Do total investido em infraestrutura no país atualmente, mais de dois terços já vêm do setor privado (65%), segundo o levantamento da Inter.B. E a tendência é que essa parcela cresça para algo em torno de 84%, segundo o economista.

A parcela de investimentos públicos inclui aportes do governo federal, das administrações estaduais e municipais e também de empresas estatais.

Furar o teto é solução?

A pequena margem de manobra do governo para realizar investimentos por causa do teto de gastos abriu um debate sobre uma eventual flexibilização da medida para tentar ampliar a capacidade de investimento num quadro em que a economia brasileira dá sinais de fraqueza.

No início do mês, o presidente Jair Bolsonaro disse que, em dois ou três anos, a alta das despesas vai zerar a capacidade de investimento federal. A mensagem foi interpretada como uma sinalização a uma eventual flexibilização do teto. Um dia depois, Bolsonaro defendeu “preservar” o teto de gastos.

“Nesse debate de curto prazo, tem havido uma série de críticas no sentido de que o governo deveria relaxar a restrição fiscal e gastar mais”, afirma Fabio Giambiagi, chefe do Departamento de Pesquisa Econômica do Banco Nacional de Desenvolvimento Econômico e Social (BNDES). “A minha visão é que ainda não chegou o momento de mexer no teto.”

Num artigo recente, Giambiagi defendeu que uma mudança no teto só deveria ocorrer em 2023. Até lá, o país não deve mexer na regra, sobretudo diante do crescente endividamento do país.

Não há consenso entre os economistas sobre afrouxar o controle das despesas federais. “Se for para investimento, em qualquer coisa, por mim [o governo] fura o teto, não tem problema. Não dá para ter milhões de desempregados”, afirma o pesquisador Claudio Considera, pesquisador do Instituto Brasileiro de Economia da Fundação Getúlio Vargas (FGV/IBRE).

Claudio Frischtak, da Inter.B, se diz “totalmente contra” a flexibilização. Segundo ele, é grande o risco de que a proposta acabe levando a uma extinção total do teto, o que desagradaria o mercado, provocando aumento dos juros e diminuindo ainda mais o espaço para investimentos.

“Tem que se ajustar o piso, reduzir os gastos, principalmente com pessoal e previdenciário, de todos os poderes e de todas as instâncias. O resultado disso é pelo menos manter o nível de investimentos públicos. As reformas são apenas para a gente deixar de empobrecer. Não vamos crescer 5%, esquece”, afirma.

Marco regulatório

A fraqueza da infraestrutura nos últimos anos fica evidente quando se analisa o estoque de capital – ou seja, tudo o que foi investido no setor. Hoje, o indicador está em 36% do PIB, patamar muito aquém do registrado por outros países. Em economias emergentes, como na Índia e China, o nível é de 58% e 76% do PIB, respectivamente.

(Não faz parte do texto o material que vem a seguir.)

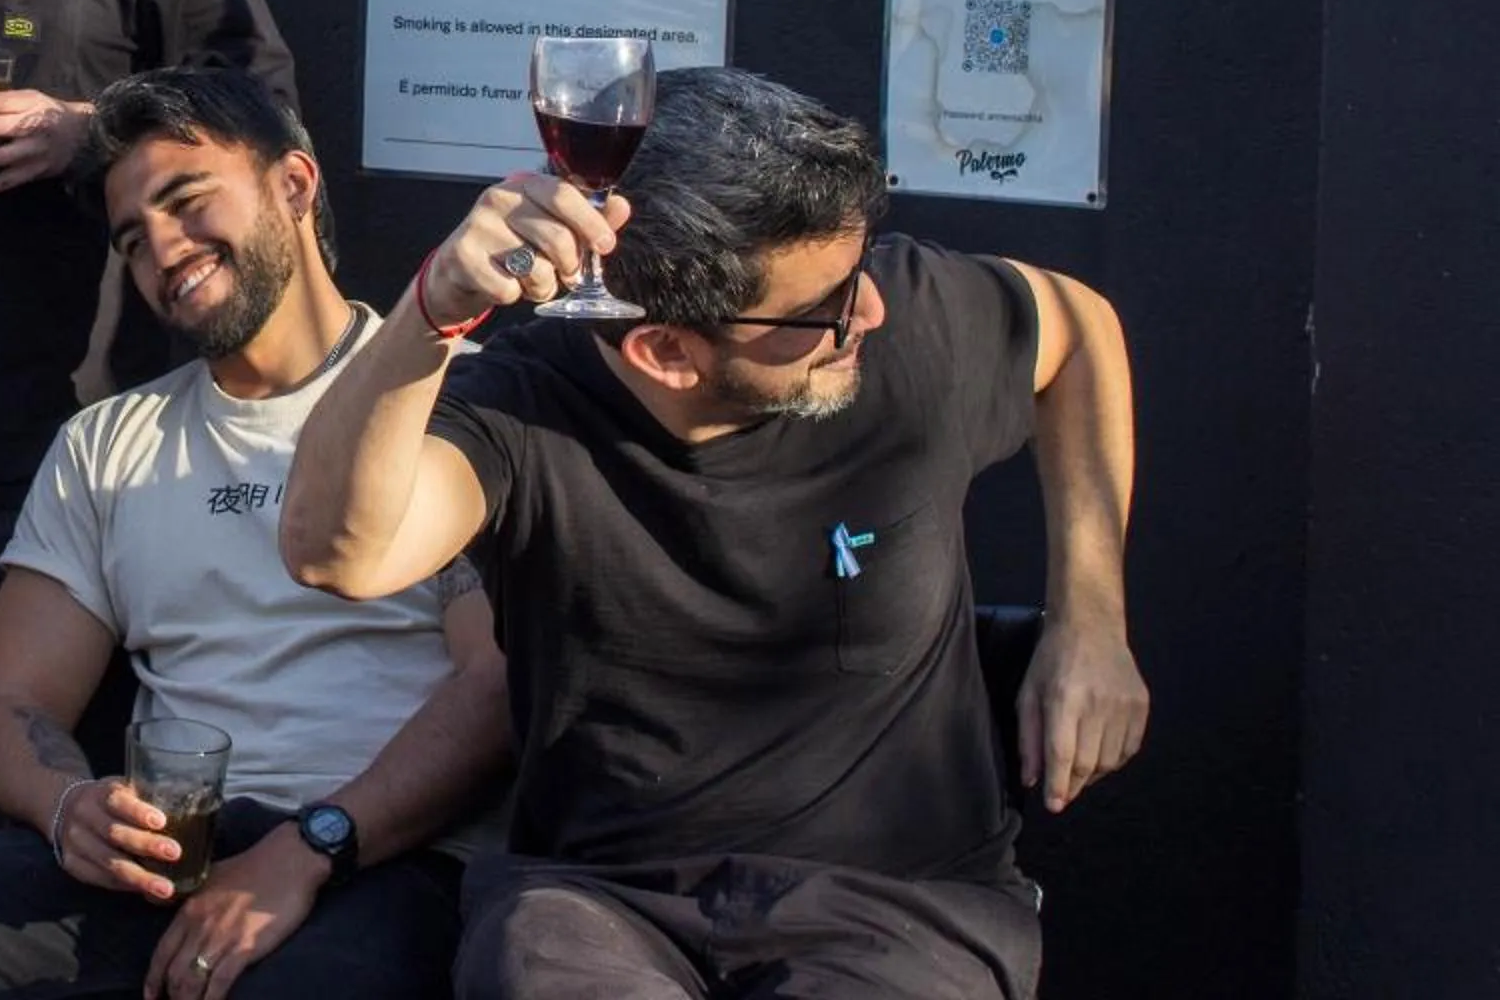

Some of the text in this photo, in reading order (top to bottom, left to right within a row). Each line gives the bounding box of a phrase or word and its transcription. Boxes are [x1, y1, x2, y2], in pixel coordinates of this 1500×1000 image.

A meta do governo é elevar o estoque de infraestrutura para 38% do PIB ao fim da atual gestão, em 2022, avançando até 61% do PIB em 2040. “É viável (alcançar esse patamar), mas é preciso despolitizar os projetos de infraestrutura e trabalhar mais a questão da demanda”, diz Paulo Resende, professor da Fundação Dom Cabral.

A agenda do país para atrair o setor privado para os projetos de infraestrutura é longa, segundo analistas. Ela envolve avançar nos marcos regulatórios, ou seja, deixar as regras mais claras para os investidores, e fortalecer as agências reguladoras.

“O Brasil precisa começar a entender que não é só demanda que atrai investidor. É uma moeda de dois lados: há a demanda de um lado e o marco regulatório do outro”, afirma Resende.

Hoje, numa escala de zero a 10, o professor diz que a confiança dos investidores internacionais varia entre 4 e 5.

Um dos projetos que deve contribuir para atrair investidores para o setor, segundo os especialistas, é o novo marco do saneamento, aprovado no Senado e em discussão na Câmara. O texto prevê a prestação de serviços por empresas privadas e a abertura de licitações no setor com o fim do direito de preferência das companhias estaduais, por exemplo.

“O setor privado vai ter que ocupar espaço para aumentar o investimento. E aí precisamos de menos ruído, sem maltratar as agências. Porque os investidores entendem isso como aumento do prêmio de risco, de incerteza jurídica”, diz Frischtak, em referência a críticas feitas recentemente por Bolsonaro às reguladoras.